第402話 パーティーは笑顔で終えて

 「「うおおぉぉおおお!! 落ちる落ちる!」」


 『ふはははは!! 吾輩はもっと速く走ることができるぞ!! どうだ! すごいだろう!! ふははははははははは!!』


 いや、すごいけど! すごいけど!!


 現在、僕はダンジョンから帝国城までの道のりを駆けていた。


 神獣――黒い虎さんの背に乗って。


 場所はダンジョンを出てから続く森の中で、もう半日以上経ったからか、外に出た時は月が夜空に浮かんでいた。

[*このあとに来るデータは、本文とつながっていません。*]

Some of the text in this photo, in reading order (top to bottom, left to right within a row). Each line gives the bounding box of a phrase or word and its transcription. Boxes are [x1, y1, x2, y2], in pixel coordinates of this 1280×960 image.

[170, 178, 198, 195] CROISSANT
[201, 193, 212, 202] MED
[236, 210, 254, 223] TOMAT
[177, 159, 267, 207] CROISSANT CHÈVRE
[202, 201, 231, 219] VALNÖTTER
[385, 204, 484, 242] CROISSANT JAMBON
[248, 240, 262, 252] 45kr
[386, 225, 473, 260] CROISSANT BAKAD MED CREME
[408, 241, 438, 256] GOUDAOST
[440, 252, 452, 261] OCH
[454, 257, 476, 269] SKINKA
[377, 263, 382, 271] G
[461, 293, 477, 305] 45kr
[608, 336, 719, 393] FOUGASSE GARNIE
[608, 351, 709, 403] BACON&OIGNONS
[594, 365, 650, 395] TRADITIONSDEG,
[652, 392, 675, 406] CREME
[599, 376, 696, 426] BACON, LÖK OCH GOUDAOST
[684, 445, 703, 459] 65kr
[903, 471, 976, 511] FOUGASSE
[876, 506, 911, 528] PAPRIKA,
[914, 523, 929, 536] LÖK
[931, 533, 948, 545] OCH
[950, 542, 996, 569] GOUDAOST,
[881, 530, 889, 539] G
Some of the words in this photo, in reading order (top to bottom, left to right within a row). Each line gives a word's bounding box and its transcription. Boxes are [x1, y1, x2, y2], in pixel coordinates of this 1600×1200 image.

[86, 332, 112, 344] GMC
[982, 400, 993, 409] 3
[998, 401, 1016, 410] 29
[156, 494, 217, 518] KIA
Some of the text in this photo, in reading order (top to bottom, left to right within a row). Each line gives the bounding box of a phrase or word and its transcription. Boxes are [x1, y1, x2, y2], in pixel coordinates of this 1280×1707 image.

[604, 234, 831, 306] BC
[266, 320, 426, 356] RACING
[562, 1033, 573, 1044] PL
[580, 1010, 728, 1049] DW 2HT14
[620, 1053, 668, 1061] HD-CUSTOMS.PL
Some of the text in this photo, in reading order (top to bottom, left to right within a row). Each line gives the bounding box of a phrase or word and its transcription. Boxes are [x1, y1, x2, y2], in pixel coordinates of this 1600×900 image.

 やべぇ、皇女さんのお誕生日パーティー、とっくに始まってるよ。


 『振り落とされるなよ、小僧!』


 「もうちょっと! もうちょっとだけ速度落として!」


 『あいわかった! 加速だな!』


 こいつぅ!!


 『ひゅー! 風が気持ちいいなぁー!』


 『にしても、まさか急にドラちゃんを外に出してあげたい、と言い出した時は驚きましたよ』


 と、姉者さんが少し前のことを振り返って、世間話感覚で話しかけてくる。


 そう、実は今、僕の腕の中にはドラちゃんが居る。


 ダンジョンを出る前、僕はドラちゃんと【融合化チェック】を行った。ちょっと時間ありそうだったし、せっかく暴れても周囲に被害出なさそうな場所だから、【融合化チェック】しようよ、と僕から申し出たのだ。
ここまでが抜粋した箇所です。